### What to work on
Copy out each entry precisely; no image belongs in the result.

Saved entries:
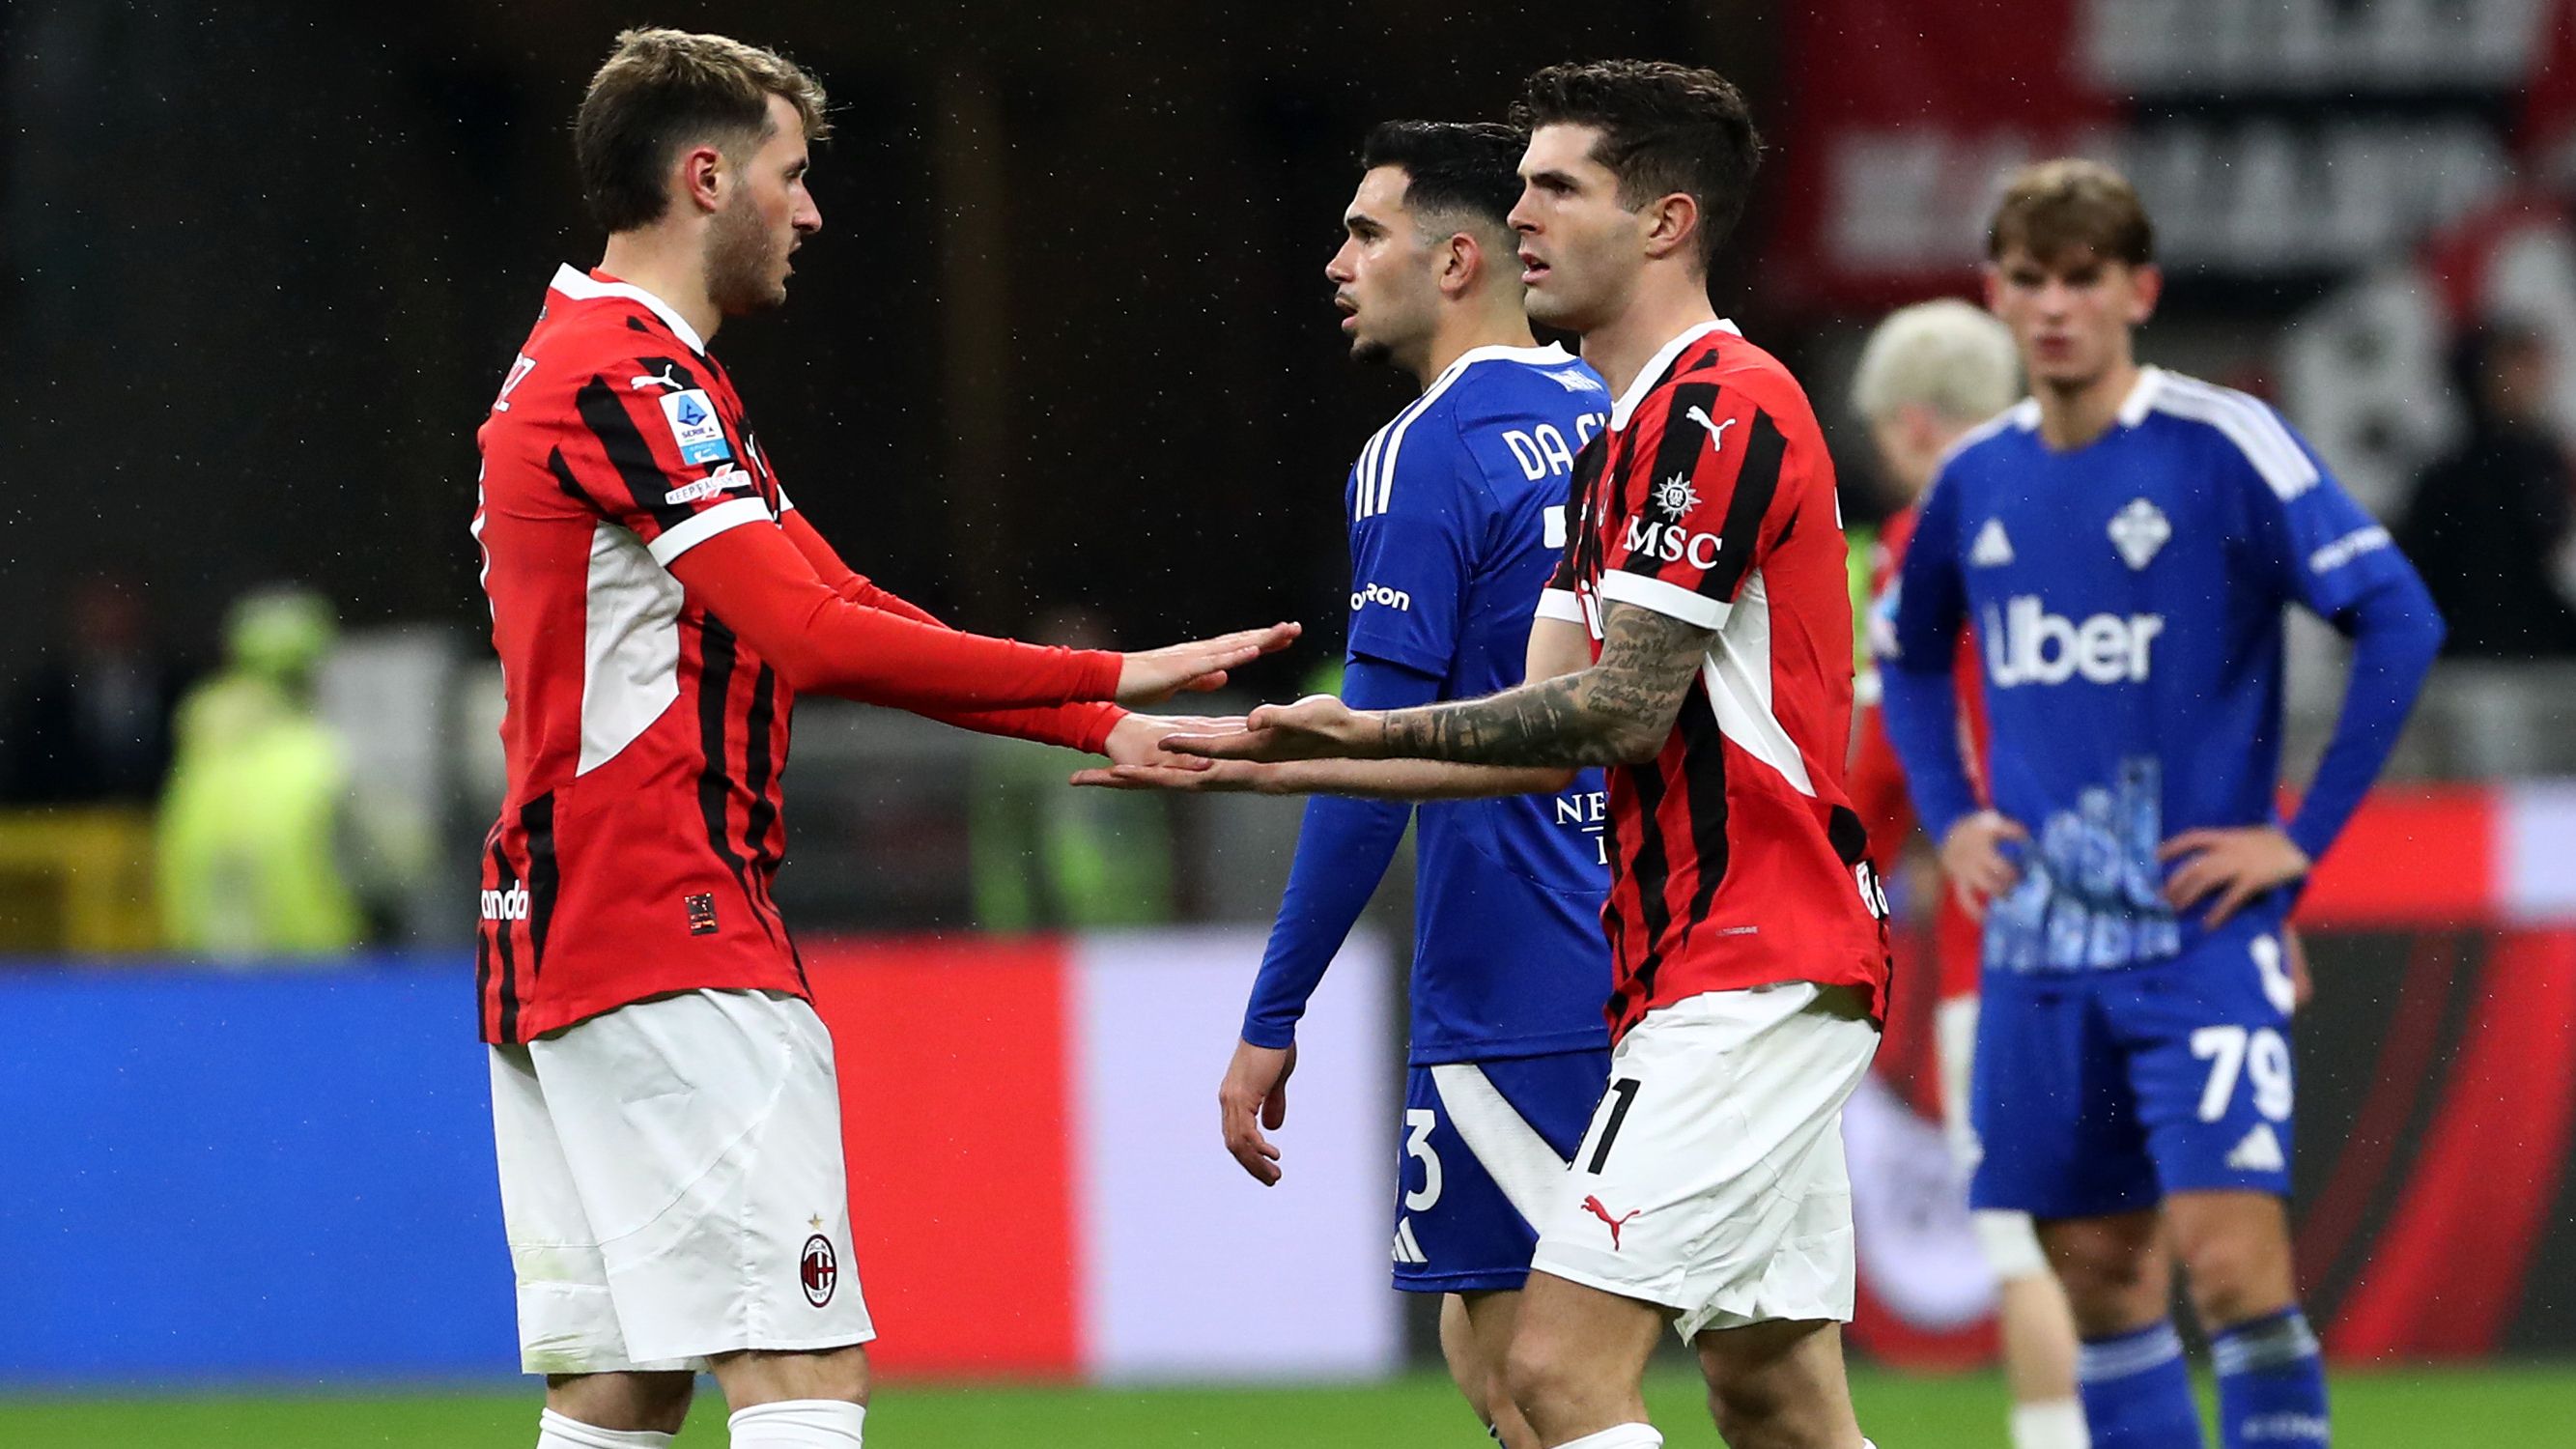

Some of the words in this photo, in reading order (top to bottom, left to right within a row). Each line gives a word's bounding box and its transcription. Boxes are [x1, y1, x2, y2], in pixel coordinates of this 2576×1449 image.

[1502, 423, 1574, 481] DA
[1623, 515, 1722, 570] MSC
[1982, 592, 2165, 689] Uber
[481, 878, 529, 921] anda
[2189, 1024, 2295, 1122] 79
[1405, 1108, 1443, 1211] 3
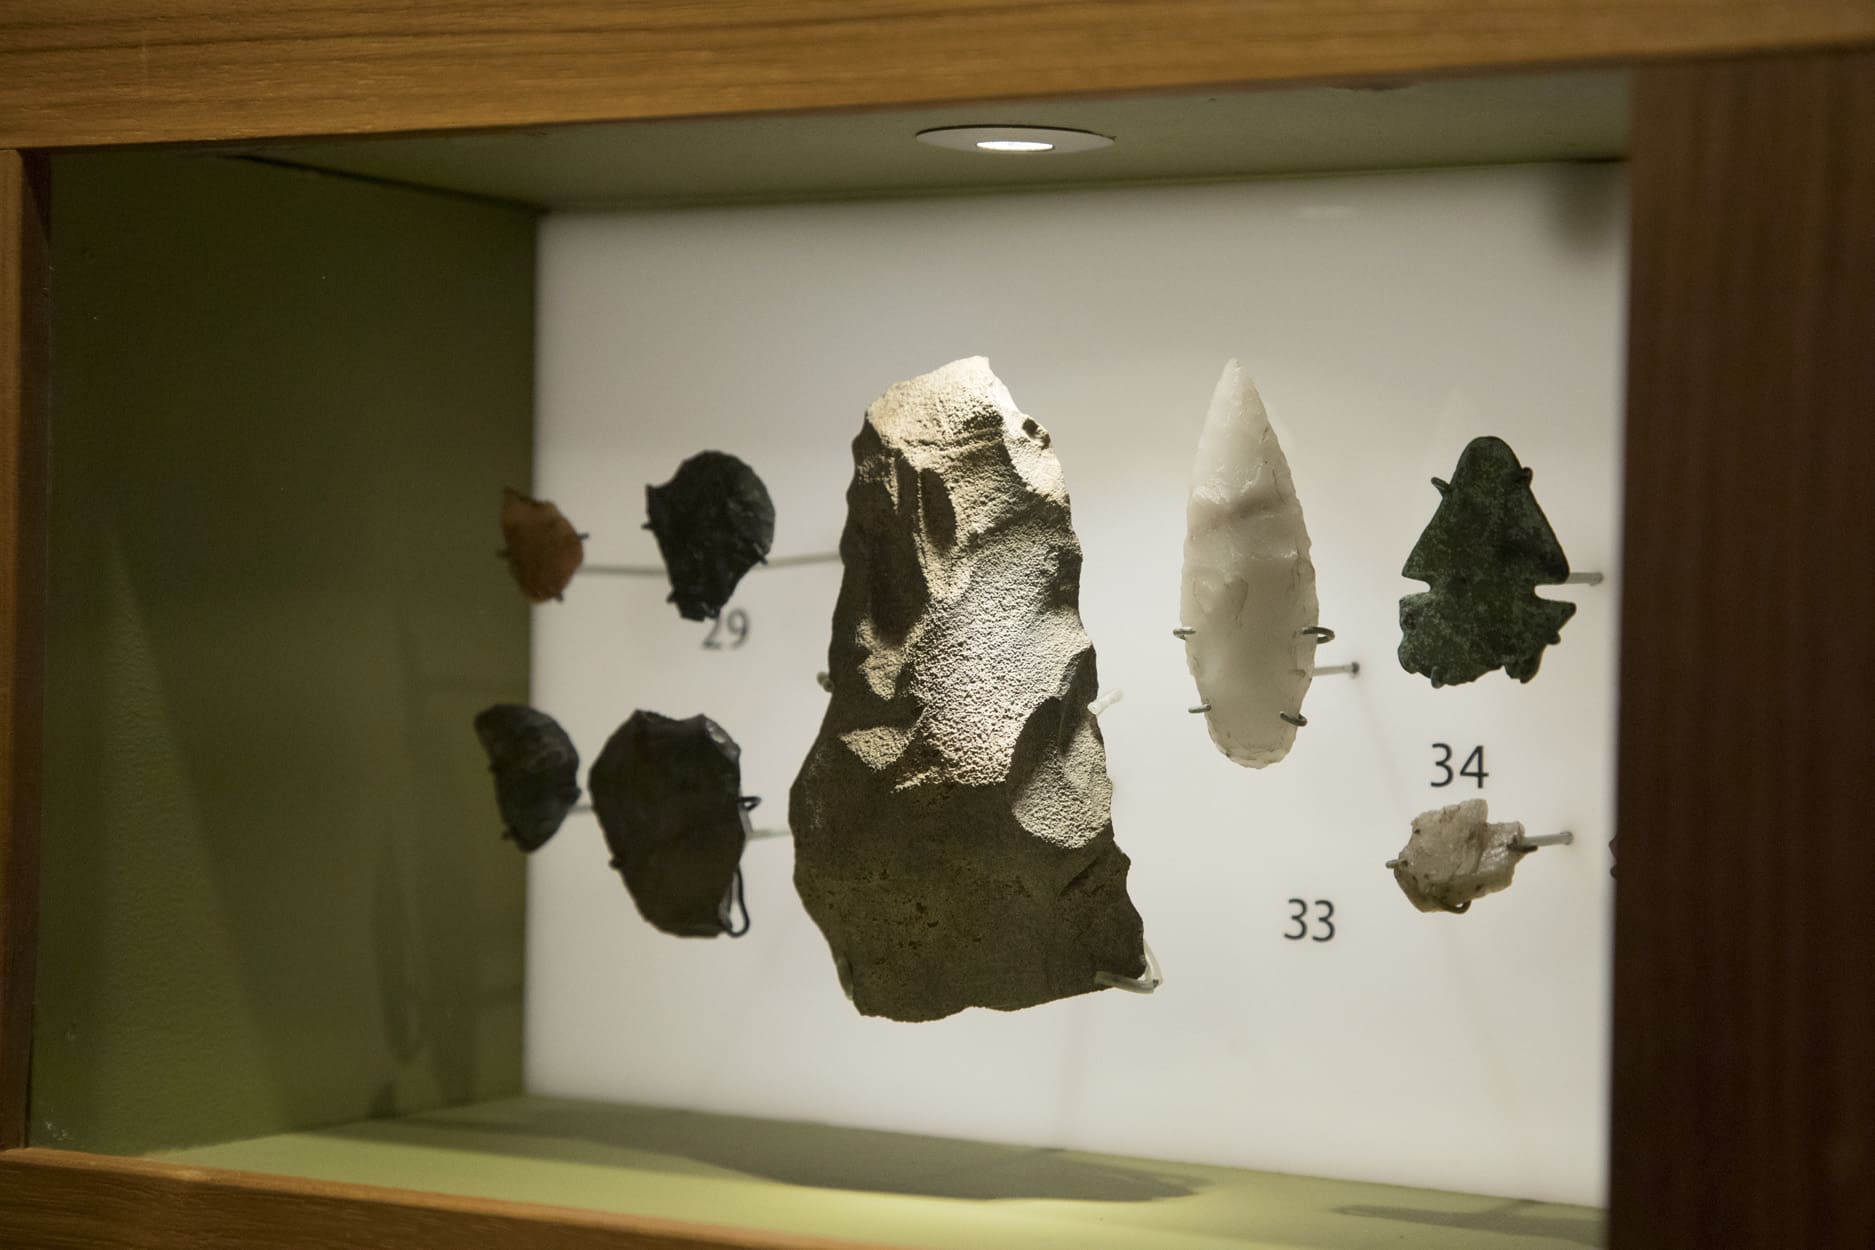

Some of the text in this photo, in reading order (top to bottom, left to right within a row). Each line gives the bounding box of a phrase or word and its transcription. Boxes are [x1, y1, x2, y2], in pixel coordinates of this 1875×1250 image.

[702, 607, 750, 650] 29
[1430, 742, 1489, 789] 34
[1283, 896, 1336, 943] 33

### Output
Some of the words in this photo, in reading order (top to bottom, left to right within a row). Each line gives a word's bounding box and its transcription. Boxes are [x1, y1, x2, y2], in pixel coordinates of this 2576×1449 image.

[1502, 423, 1574, 481] DA
[1623, 515, 1722, 570] MSC
[1982, 592, 2165, 689] Uber
[481, 878, 529, 921] anda
[2189, 1024, 2295, 1122] 79
[1405, 1108, 1443, 1211] 3

Some of the text in this photo, in reading order (top to bottom, left to right within a row). Each line gives the bounding box of a phrase or word and its transcription. Boxes are [x1, y1, x2, y2], in pixel coordinates of this 1875×1250 image.

[702, 607, 750, 650] 29
[1430, 742, 1489, 789] 34
[1283, 896, 1336, 943] 33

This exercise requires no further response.